Basket Case, 2009/2011 - Renee Cox

About the Work

Renee Cox is an artist famous for breaking cross-cultural boundaries. She is known for using herself as a model in her photography and for inserting African Americans into contexts in which they have not been represented historically. In Basket Case, Cox poses in front of a Chinese building, wearing a traditional Chinese basket used for carrying wood. Cox says about her practice, "She says, “My body is part of my work, in a way. I’ve made that decision to use my body…if I use someone else’s body, then I have to deal with all these people saying I’m exploiting someone.”

About the Artist

Jamaican-born Renee Cox has become one of the most controversial African-American artists working today. She uses her own body in her photography to celebrate black womanhood and to explore racism, gender, and religion in our society.

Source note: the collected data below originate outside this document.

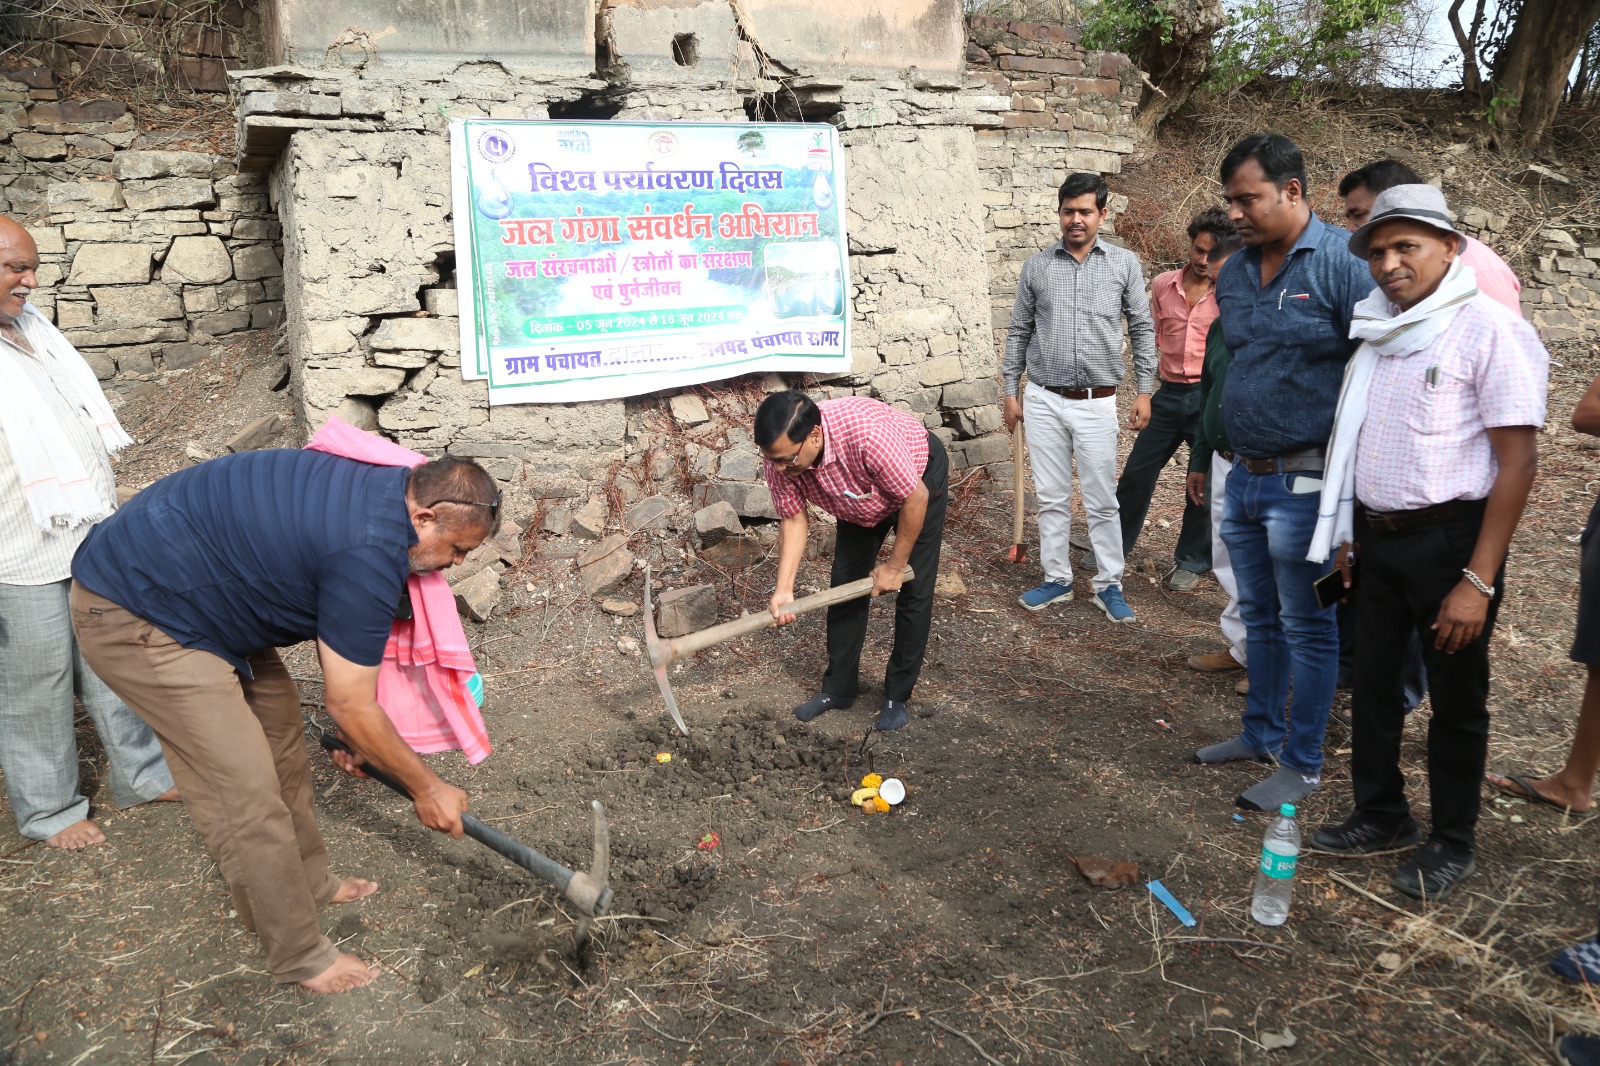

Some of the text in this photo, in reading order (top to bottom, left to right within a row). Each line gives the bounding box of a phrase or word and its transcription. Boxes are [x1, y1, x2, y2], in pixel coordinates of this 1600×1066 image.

[528, 161, 783, 193] विश्व पर्यावरण दिवस
[499, 203, 819, 245] जल गंगा संवर्धन अभियान
[505, 260, 537, 278] जल
[678, 254, 697, 270] का
[702, 246, 753, 269] संरक्षण
[591, 278, 613, 300] एवं
[530, 319, 564, 335] दिनांक
[576, 320, 592, 331] 05
[595, 320, 613, 334] जून
[616, 316, 645, 328] 2024
[646, 312, 658, 326] से
[661, 314, 675, 325] 16
[677, 312, 694, 327] जून
[696, 311, 724, 323] 2024
[751, 331, 803, 349] पंचायत
[504, 356, 539, 376] ग्राम
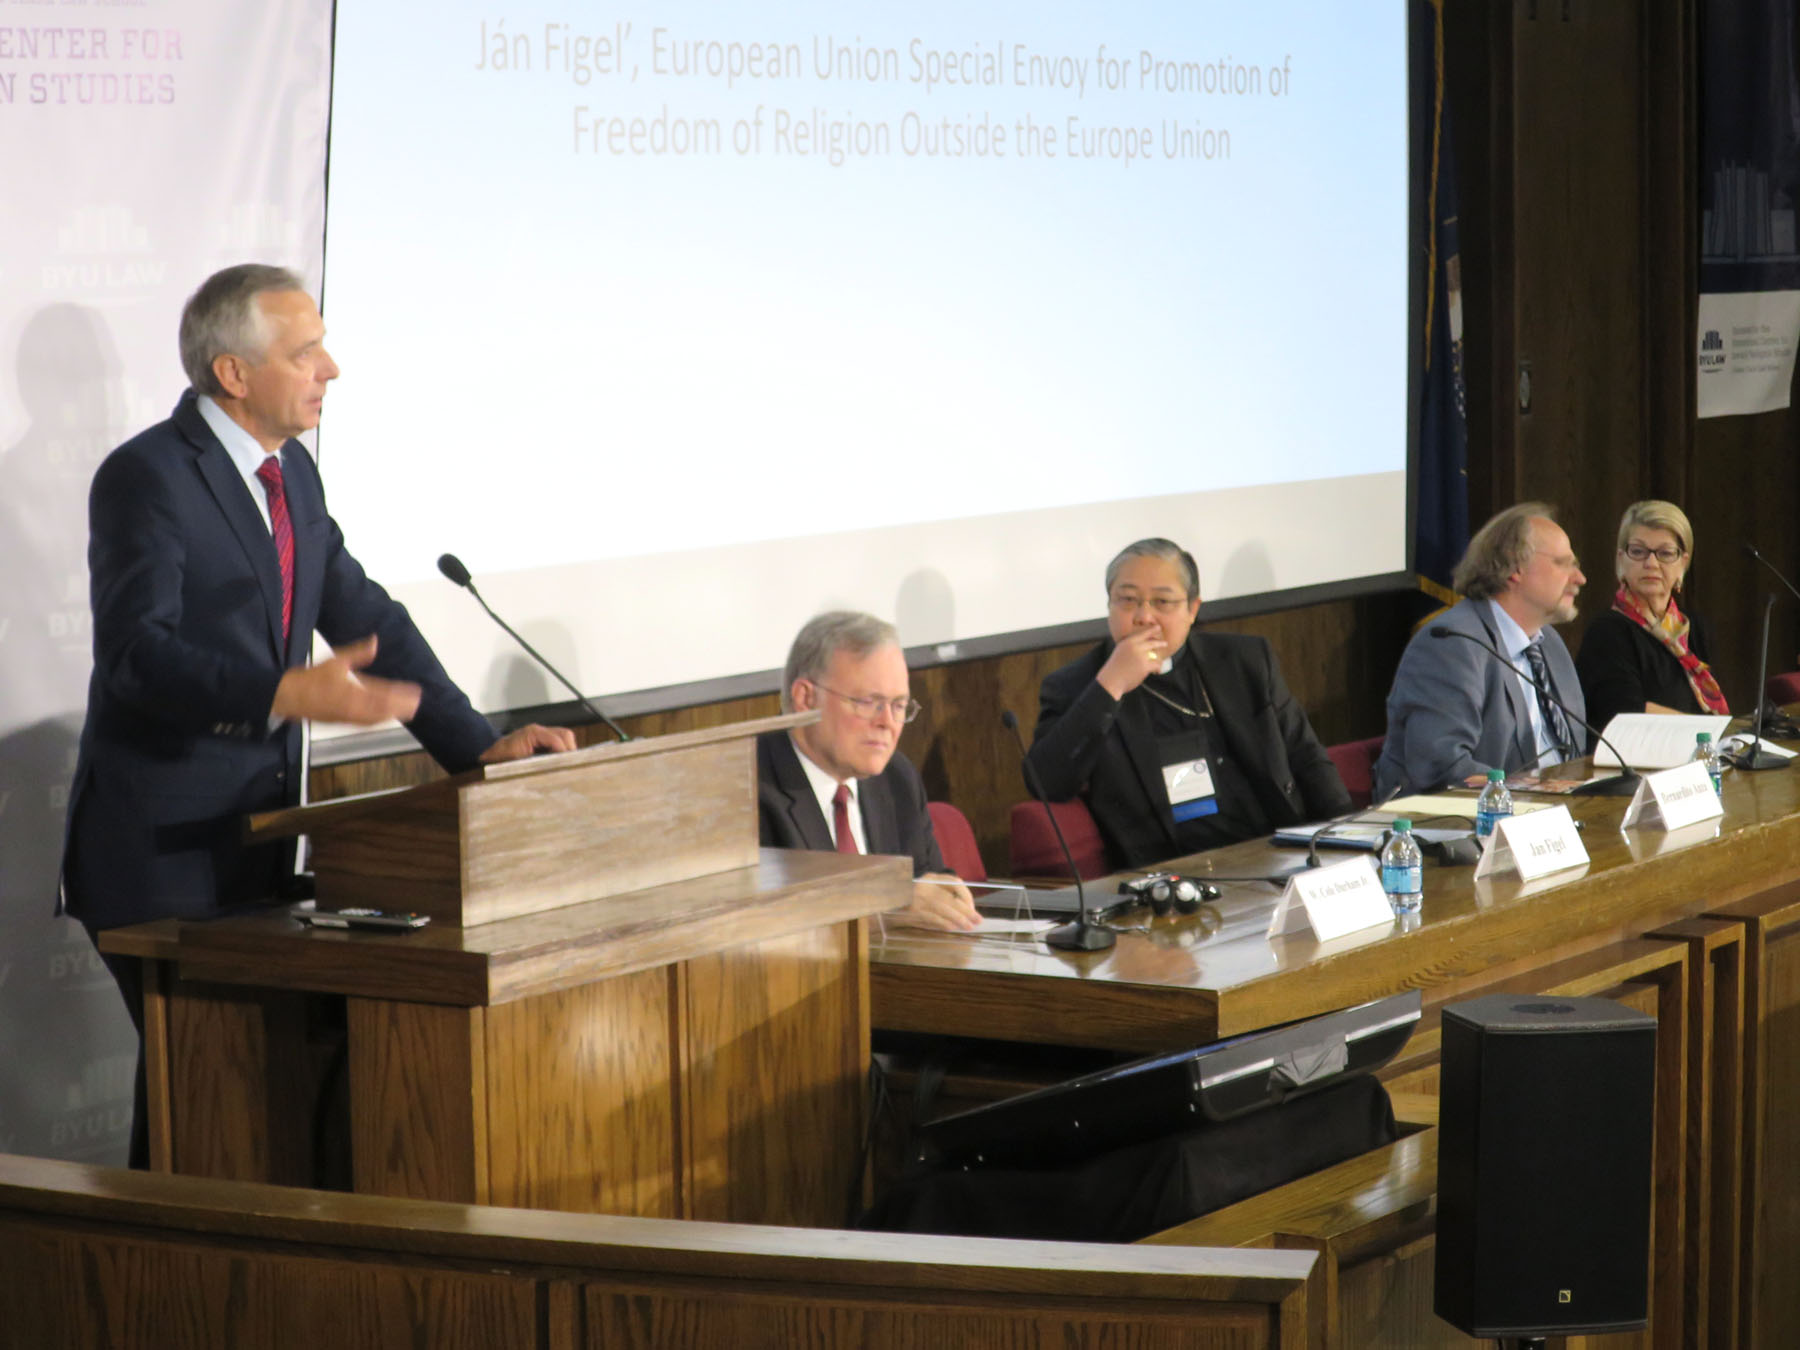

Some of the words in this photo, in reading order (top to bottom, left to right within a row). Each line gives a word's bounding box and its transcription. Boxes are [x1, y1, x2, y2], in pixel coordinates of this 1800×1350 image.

In her infamous series Flipping the Script, Cox replaced characters in European religious masterpieces, such as Michelangelo’s David, with contemporary black figures. The most controversial work from the series hung in the Brooklyn Museum: Yo Mama's Last Supper, a remake of Leonardo’s da Vinci’s The Last Supper, features Cox posing nude as Jesus, surrounded by all-black disciples except for a white Judas. In response, New York Mayor Rudolph Guiliani fought to remove the work and to form a commission to set standards of decency for state-funded museums.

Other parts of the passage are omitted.